The problem> Repeat the records below exactly, leaving out every picture.
(Data begins)
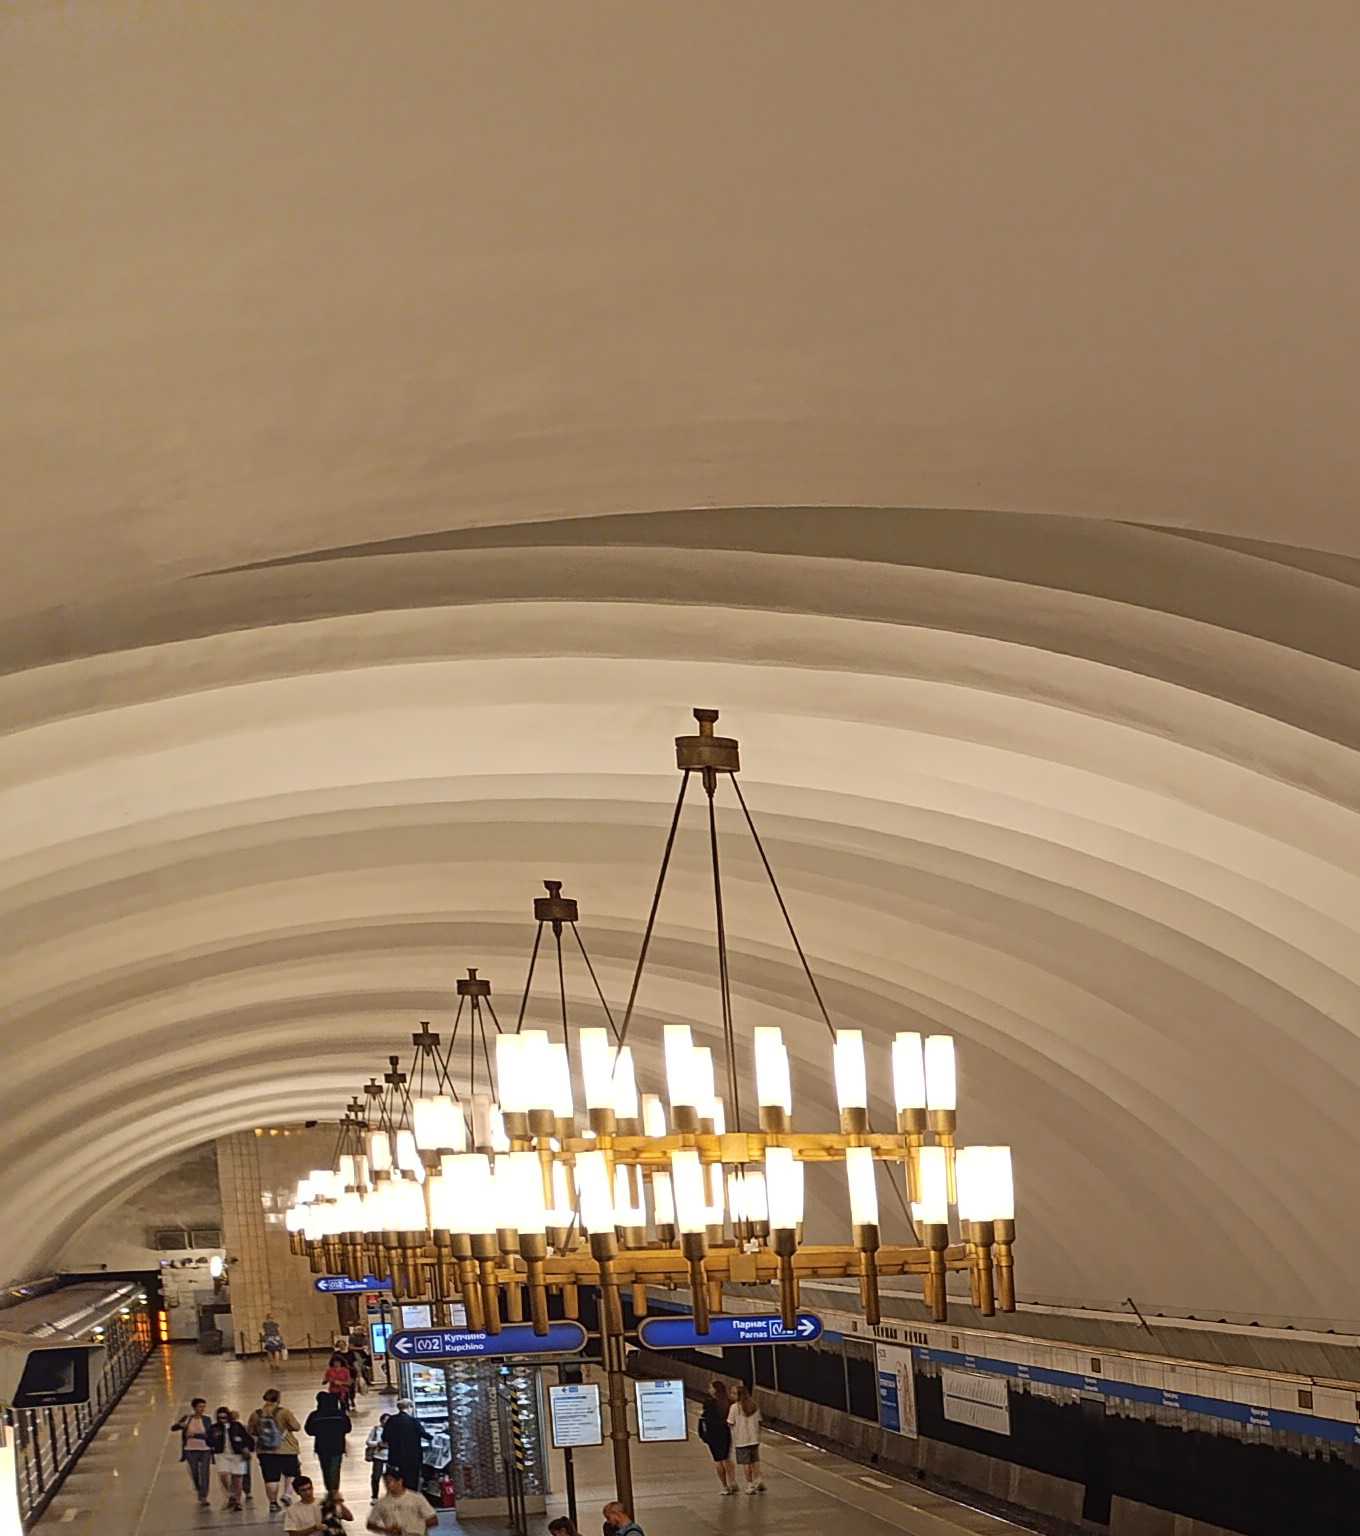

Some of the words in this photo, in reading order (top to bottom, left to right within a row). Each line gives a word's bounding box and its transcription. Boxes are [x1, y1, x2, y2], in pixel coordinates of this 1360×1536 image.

[733, 1320, 767, 1329] Парнас
[444, 1333, 486, 1343] Купчино
[740, 1331, 767, 1339] Parnas
[445, 1343, 484, 1352] Kupchino
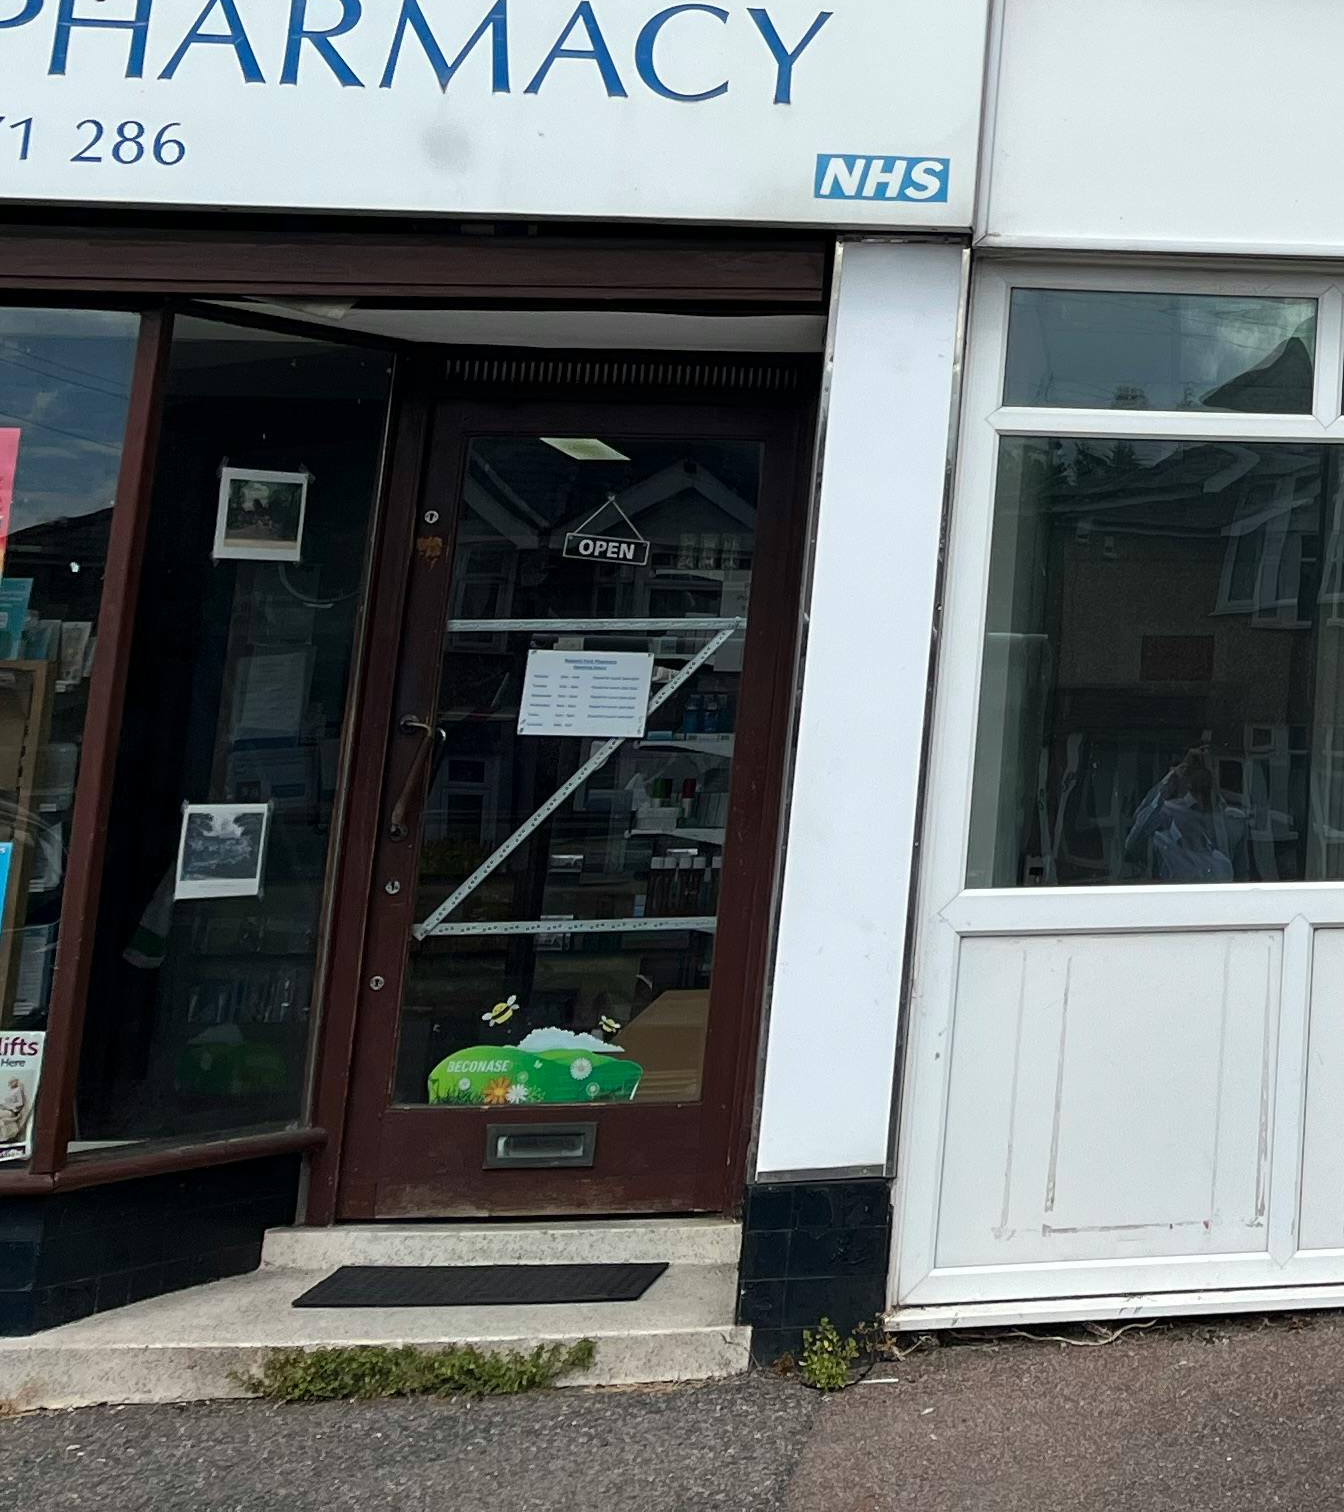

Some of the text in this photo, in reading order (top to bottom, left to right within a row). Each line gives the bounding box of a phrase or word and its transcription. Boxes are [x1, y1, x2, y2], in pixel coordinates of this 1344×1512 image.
(Data ends)
Task result>
Some of the words in this photo, in reading order (top to bottom, left to right within a row). Each line gives a word's bounding box and its transcription. Boxes are [x1, y1, x2, y2], in pixel coordinates of this 1360×1536 image.

[733, 1320, 767, 1329] Парнас
[444, 1333, 486, 1343] Купчино
[740, 1331, 767, 1339] Parnas
[445, 1343, 484, 1352] Kupchino

Some of the text in this photo, in reading order (top to bottom, left to right within a row). Each line gives the bounding box of a phrase or word and its transcription. Boxes are [x1, y1, x2, y2], in pixel coordinates of this 1344×1512 image.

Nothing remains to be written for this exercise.